The full listing below should be printed word for word.

··· Data extract

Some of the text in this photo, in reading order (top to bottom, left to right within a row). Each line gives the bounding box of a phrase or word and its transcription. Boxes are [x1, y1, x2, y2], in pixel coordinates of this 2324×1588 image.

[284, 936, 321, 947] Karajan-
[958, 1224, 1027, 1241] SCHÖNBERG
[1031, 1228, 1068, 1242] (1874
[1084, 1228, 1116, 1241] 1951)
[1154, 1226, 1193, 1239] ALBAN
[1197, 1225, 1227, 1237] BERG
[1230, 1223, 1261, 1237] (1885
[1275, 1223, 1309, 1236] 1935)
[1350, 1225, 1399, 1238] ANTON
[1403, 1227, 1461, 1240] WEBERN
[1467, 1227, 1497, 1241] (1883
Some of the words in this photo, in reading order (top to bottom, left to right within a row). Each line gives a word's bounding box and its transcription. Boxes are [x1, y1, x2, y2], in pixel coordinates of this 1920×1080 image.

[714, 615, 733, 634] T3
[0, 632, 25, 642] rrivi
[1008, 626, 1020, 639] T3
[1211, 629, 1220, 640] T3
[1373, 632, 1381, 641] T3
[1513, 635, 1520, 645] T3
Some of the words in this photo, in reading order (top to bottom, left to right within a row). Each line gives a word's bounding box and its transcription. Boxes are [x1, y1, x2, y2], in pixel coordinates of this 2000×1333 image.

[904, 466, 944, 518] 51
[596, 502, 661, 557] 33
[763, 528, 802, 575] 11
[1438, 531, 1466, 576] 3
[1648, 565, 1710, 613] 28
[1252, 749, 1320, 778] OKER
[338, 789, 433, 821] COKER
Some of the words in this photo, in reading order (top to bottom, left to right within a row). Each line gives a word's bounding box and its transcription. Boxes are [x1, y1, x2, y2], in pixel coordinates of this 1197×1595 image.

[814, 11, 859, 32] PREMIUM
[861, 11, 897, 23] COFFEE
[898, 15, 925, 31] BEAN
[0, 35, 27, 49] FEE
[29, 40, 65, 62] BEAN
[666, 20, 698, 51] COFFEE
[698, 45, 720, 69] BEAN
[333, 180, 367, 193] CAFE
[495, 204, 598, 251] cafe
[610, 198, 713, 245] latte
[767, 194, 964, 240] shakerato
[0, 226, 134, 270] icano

······

- [Result for this task]:
Some of the text in this photo, in reading order (top to bottom, left to right within a row). Each line gives the bounding box of a phrase or word and its transcription. Boxes are [x1, y1, x2, y2], in pixel coordinates of this 2324×1588 image.

[284, 936, 321, 947] Karajan-
[958, 1224, 1027, 1241] SCHÖNBERG
[1031, 1228, 1068, 1242] (1874
[1084, 1228, 1116, 1241] 1951)
[1154, 1226, 1193, 1239] ALBAN
[1197, 1225, 1227, 1237] BERG
[1230, 1223, 1261, 1237] (1885
[1275, 1223, 1309, 1236] 1935)
[1350, 1225, 1399, 1238] ANTON
[1403, 1227, 1461, 1240] WEBERN
[1467, 1227, 1497, 1241] (1883
Some of the words in this photo, in reading order (top to bottom, left to right within a row). Each line gives a word's bounding box and its transcription. Boxes are [x1, y1, x2, y2], in pixel coordinates of this 1920×1080 image.

[714, 615, 733, 634] T3
[0, 632, 25, 642] rrivi
[1008, 626, 1020, 639] T3
[1211, 629, 1220, 640] T3
[1373, 632, 1381, 641] T3
[1513, 635, 1520, 645] T3
Some of the words in this photo, in reading order (top to bottom, left to right within a row). Each line gives a word's bounding box and its transcription. Boxes are [x1, y1, x2, y2], in pixel coordinates of this 2000×1333 image.

[904, 466, 944, 518] 51
[596, 502, 661, 557] 33
[763, 528, 802, 575] 11
[1438, 531, 1466, 576] 3
[1648, 565, 1710, 613] 28
[1252, 749, 1320, 778] OKER
[338, 789, 433, 821] COKER
Some of the words in this photo, in reading order (top to bottom, left to right within a row). Each line gives a word's bounding box and its transcription. Boxes are [x1, y1, x2, y2], in pixel coordinates of this 1197×1595 image.

[814, 11, 859, 32] PREMIUM
[861, 11, 897, 23] COFFEE
[898, 15, 925, 31] BEAN
[0, 35, 27, 49] FEE
[29, 40, 65, 62] BEAN
[666, 20, 698, 51] COFFEE
[698, 45, 720, 69] BEAN
[333, 180, 367, 193] CAFE
[495, 204, 598, 251] cafe
[610, 198, 713, 245] latte
[767, 194, 964, 240] shakerato
[0, 226, 134, 270] icano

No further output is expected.